→ **DATA PROVIDED**:
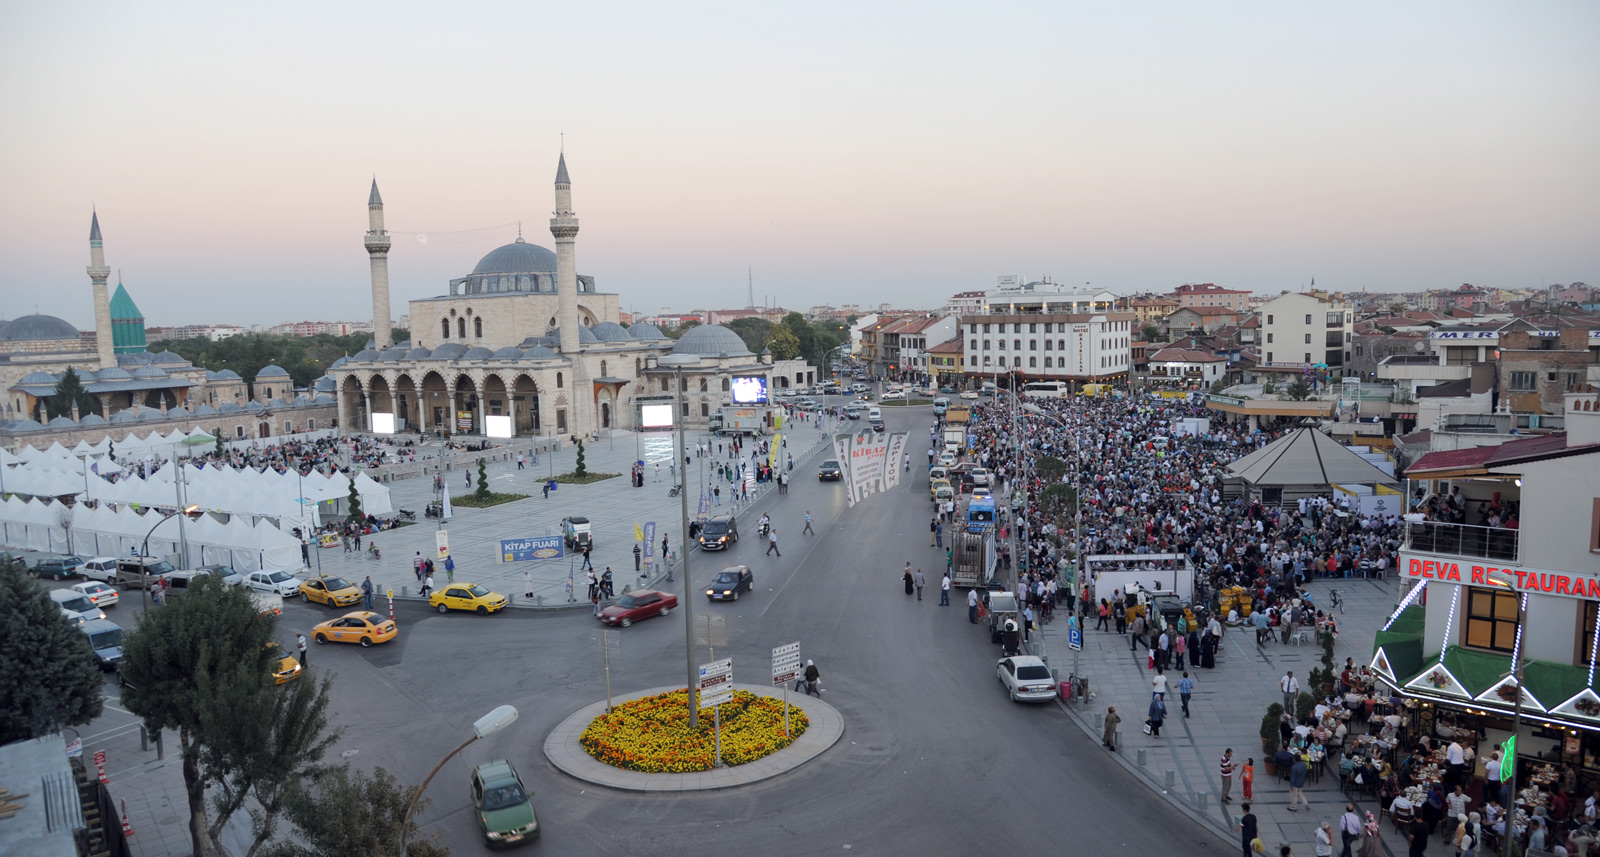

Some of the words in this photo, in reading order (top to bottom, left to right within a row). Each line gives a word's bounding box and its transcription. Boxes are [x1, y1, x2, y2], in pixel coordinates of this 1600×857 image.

[1439, 331, 1500, 339] MER
[852, 446, 886, 459] KİRAZ
[867, 453, 885, 461] grup
[504, 541, 531, 551] KİTAP
[532, 540, 559, 549] FUARI
[1409, 558, 1461, 581] DEVA
[1071, 630, 1078, 642] P
[774, 645, 794, 655] Adana
[773, 655, 795, 664] Karaman
[774, 664, 795, 674] Antalya

→ **REQUIRED WORK**:
The pictures stay out; please reproduce everything else in the entries exactly.

→ **OUTPUT BELOW**:
Some of the words in this photo, in reading order (top to bottom, left to right within a row). Each line gives a word's bounding box and its transcription. Boxes are [x1, y1, x2, y2], in pixel coordinates of this 1600×857 image.

[1439, 331, 1500, 339] MER
[852, 446, 886, 459] KİRAZ
[867, 453, 885, 461] grup
[504, 541, 531, 551] KİTAP
[532, 540, 559, 549] FUARI
[1409, 558, 1461, 581] DEVA
[1071, 630, 1078, 642] P
[774, 645, 794, 655] Adana
[773, 655, 795, 664] Karaman
[774, 664, 795, 674] Antalya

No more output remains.